**EXERCISE DESCRIPTION**.
All lines from the one containing "Some of the text" to the end of the entries below should be output exactly as they appear. No other lines should be output.

**EXTRACTED ENTRIES**.
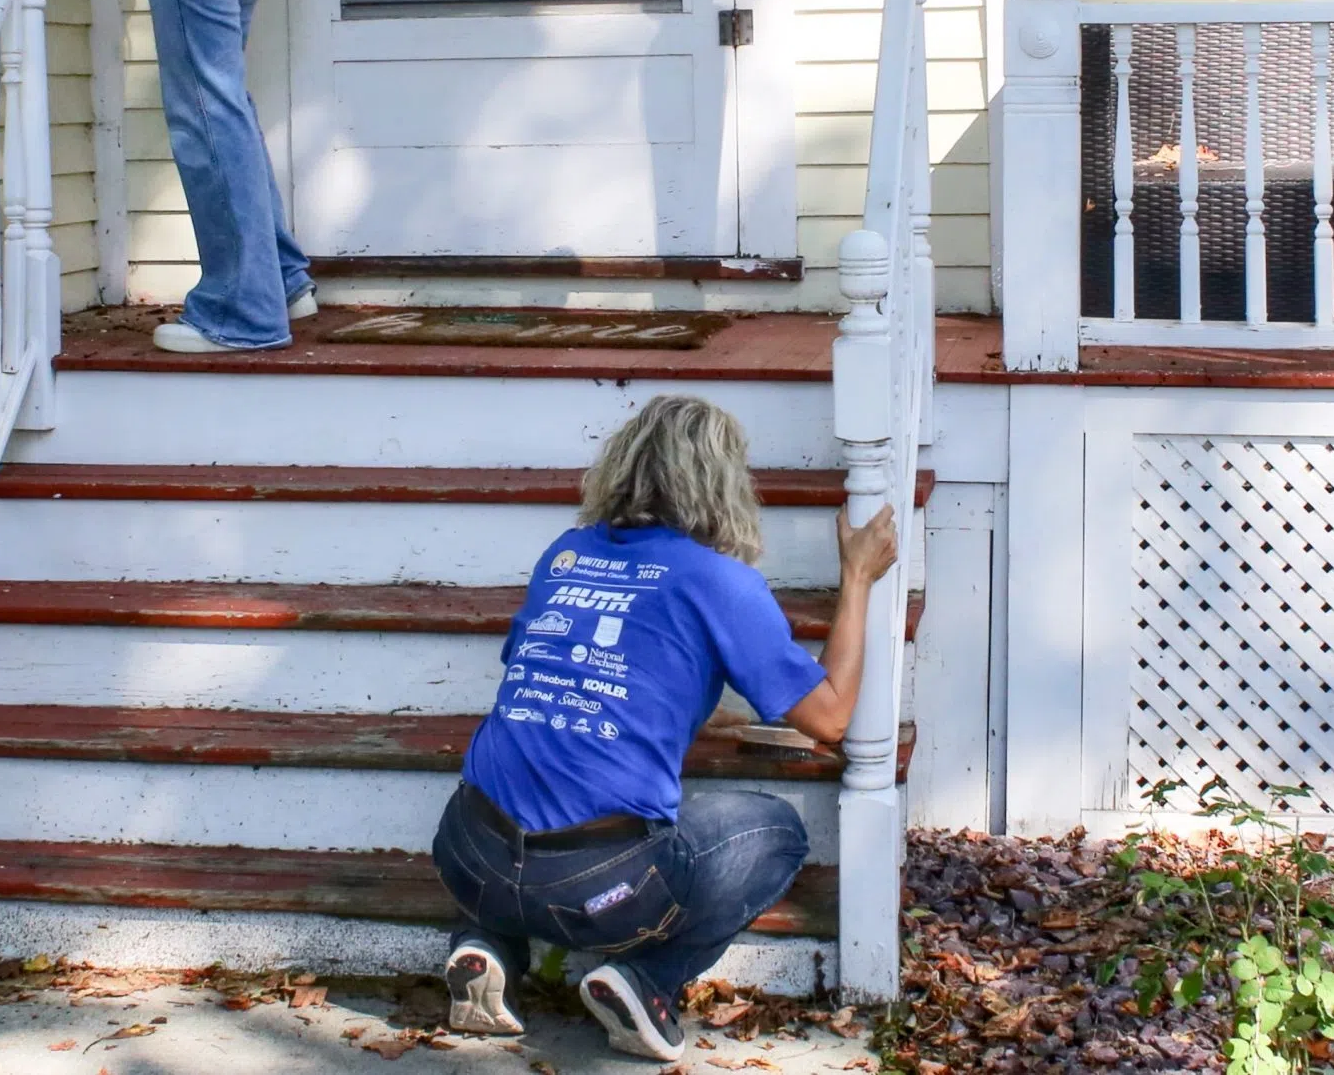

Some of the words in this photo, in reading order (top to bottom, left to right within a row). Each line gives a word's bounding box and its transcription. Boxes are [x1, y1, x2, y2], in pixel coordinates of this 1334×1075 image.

[576, 555, 609, 569] UNITED
[608, 560, 628, 572] WAY
[636, 570, 662, 579] 2025
[546, 585, 637, 613] MUTH
[587, 647, 625, 663] National
[587, 656, 629, 673] Exchange
[582, 678, 628, 700] KOHLER
[522, 687, 556, 703] Nemak
[558, 695, 602, 711] SARGENTO
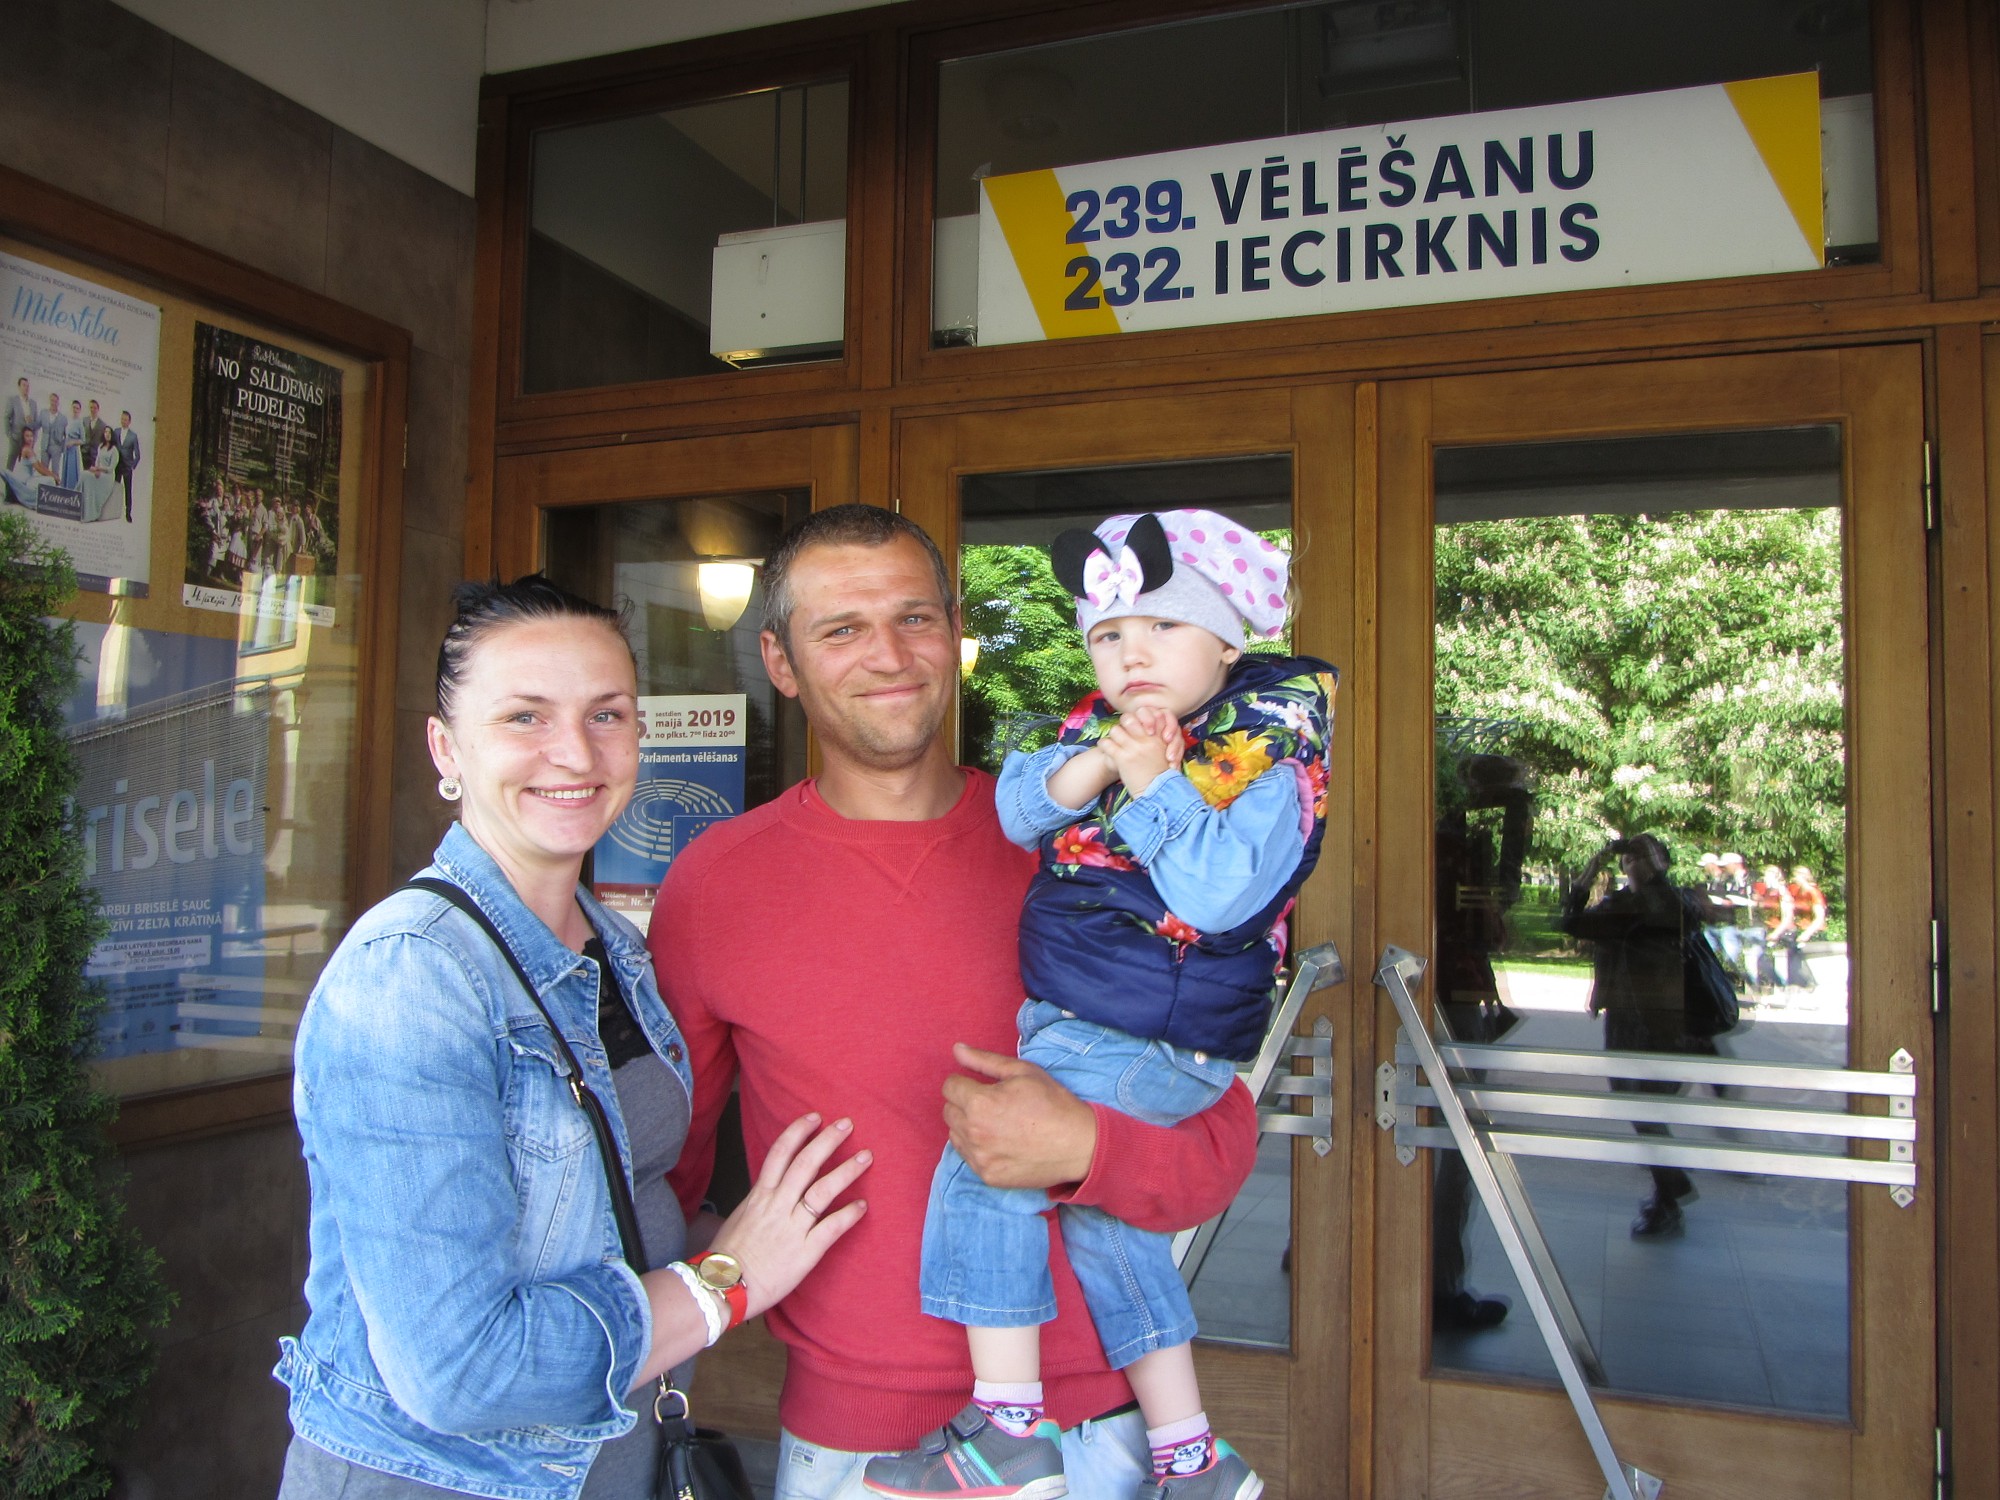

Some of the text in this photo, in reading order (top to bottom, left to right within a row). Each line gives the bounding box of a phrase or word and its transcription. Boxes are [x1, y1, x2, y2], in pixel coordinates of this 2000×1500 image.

[1065, 130, 1594, 245] 239. VĒLĒŠANU
[1064, 202, 1600, 311] 232. IECIRKNIS
[12, 285, 121, 347] Mīlestība
[217, 356, 240, 380] NO
[249, 366, 323, 406] SALDENĀS
[237, 388, 305, 424] PUDELES
[655, 709, 735, 729] maijā 2019
[666, 731, 688, 740] plkst.
[639, 751, 738, 764] Parlamenta vēlēšanas
[95, 899, 212, 916] ARBU BRISELĒ SAUC
[630, 897, 643, 907] Nr.
[110, 919, 134, 932] ZĪVI
[137, 918, 171, 930] ZELTA

**EXPECTED ANSWER**.
Some of the text in this photo, in reading order (top to bottom, left to right within a row). Each line gives the bounding box of a phrase or word and its transcription. Boxes are [x1, y1, x2, y2], in pixel coordinates of this 2000×1500 image.

[1065, 130, 1594, 245] 239. VĒLĒŠANU
[1064, 202, 1600, 311] 232. IECIRKNIS
[12, 285, 121, 347] Mīlestība
[217, 356, 240, 380] NO
[249, 366, 323, 406] SALDENĀS
[237, 388, 305, 424] PUDELES
[655, 709, 735, 729] maijā 2019
[666, 731, 688, 740] plkst.
[639, 751, 738, 764] Parlamenta vēlēšanas
[95, 899, 212, 916] ARBU BRISELĒ SAUC
[630, 897, 643, 907] Nr.
[110, 919, 134, 932] ZĪVI
[137, 918, 171, 930] ZELTA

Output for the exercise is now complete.